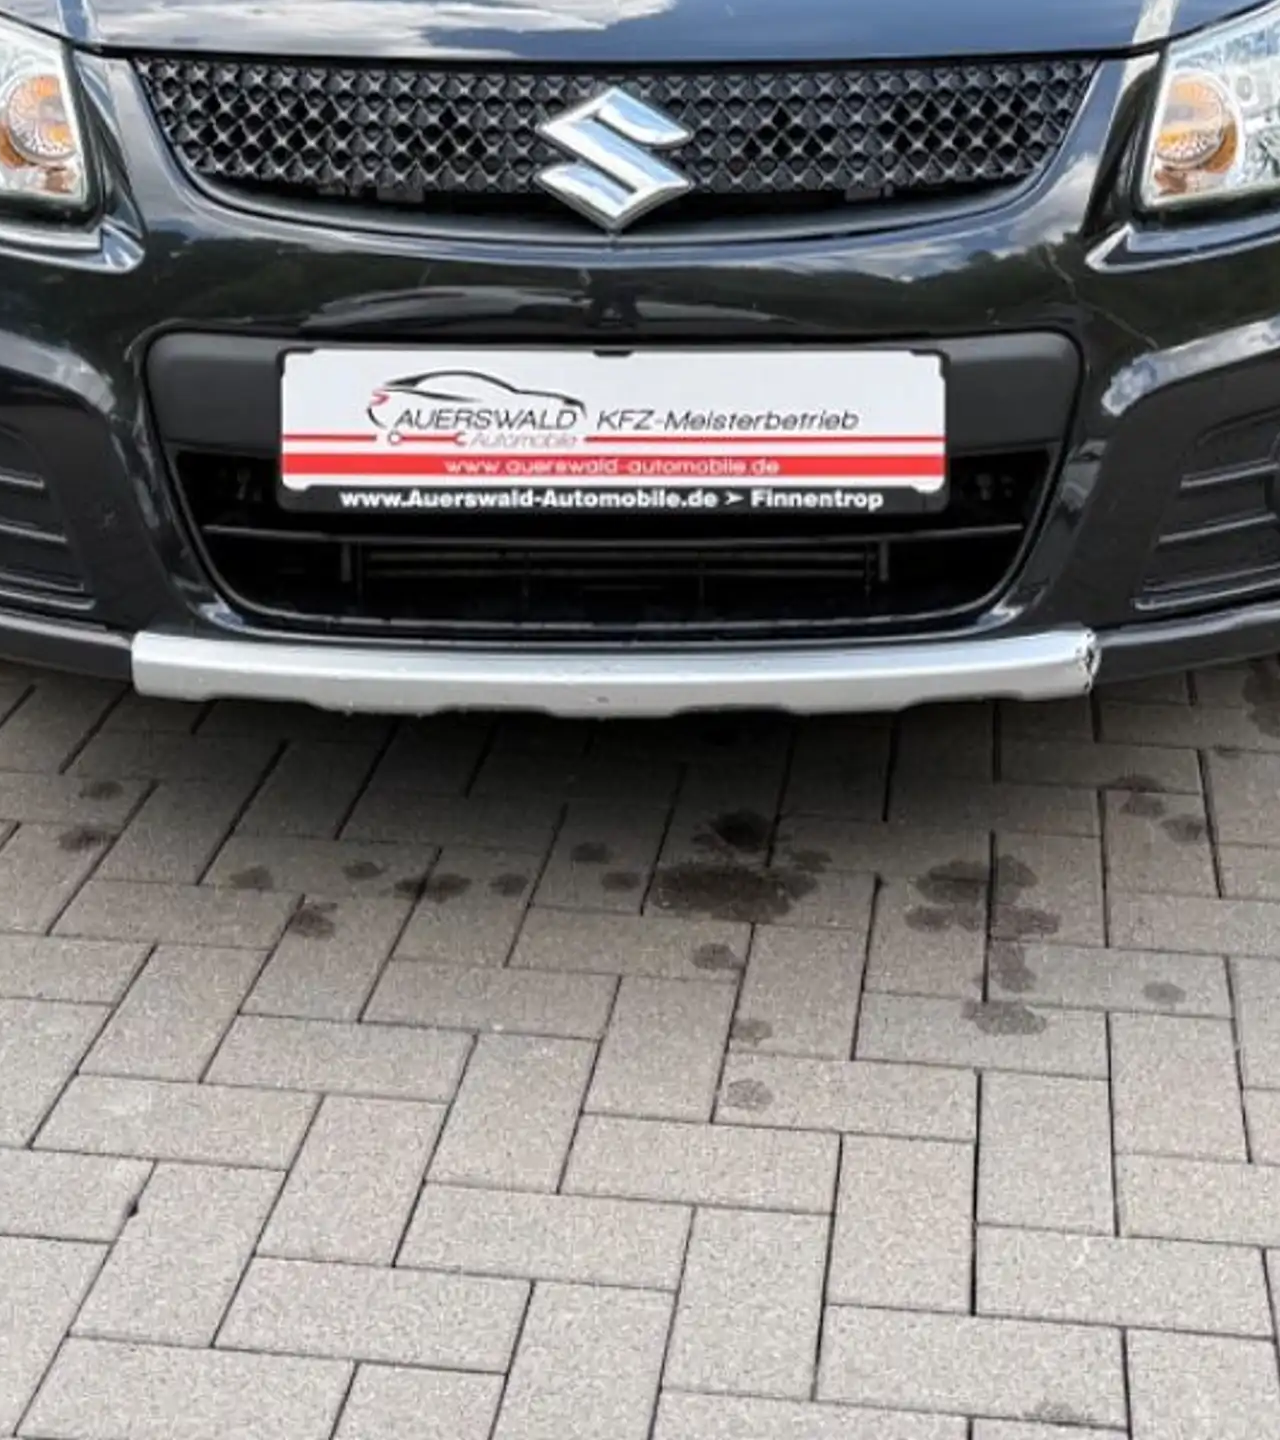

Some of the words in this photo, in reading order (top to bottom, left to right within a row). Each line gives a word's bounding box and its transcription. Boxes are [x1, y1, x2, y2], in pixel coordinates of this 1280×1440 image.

[394, 408, 578, 430] AUERSWALD
[596, 409, 859, 431] KFZ-Meisterbetrieb
[470, 432, 578, 449] Automobile
[444, 458, 780, 476] www.auerswald-automobile.de
[340, 488, 718, 509] www.Auerswald-Automobile.de
[750, 488, 884, 511] Finnentrop
· · · · ·
### WHAT THE TASK REQUIRES:
Although the records above contain pictures, output every line exactly and leave the pictures out.

### RESULT FOR THIS EXERCISE:
Some of the words in this photo, in reading order (top to bottom, left to right within a row). Each line gives a word's bounding box and its transcription. Boxes are [x1, y1, x2, y2], in pixel coordinates of this 1280×1440 image.

[394, 408, 578, 430] AUERSWALD
[596, 409, 859, 431] KFZ-Meisterbetrieb
[470, 432, 578, 449] Automobile
[444, 458, 780, 476] www.auerswald-automobile.de
[340, 488, 718, 509] www.Auerswald-Automobile.de
[750, 488, 884, 511] Finnentrop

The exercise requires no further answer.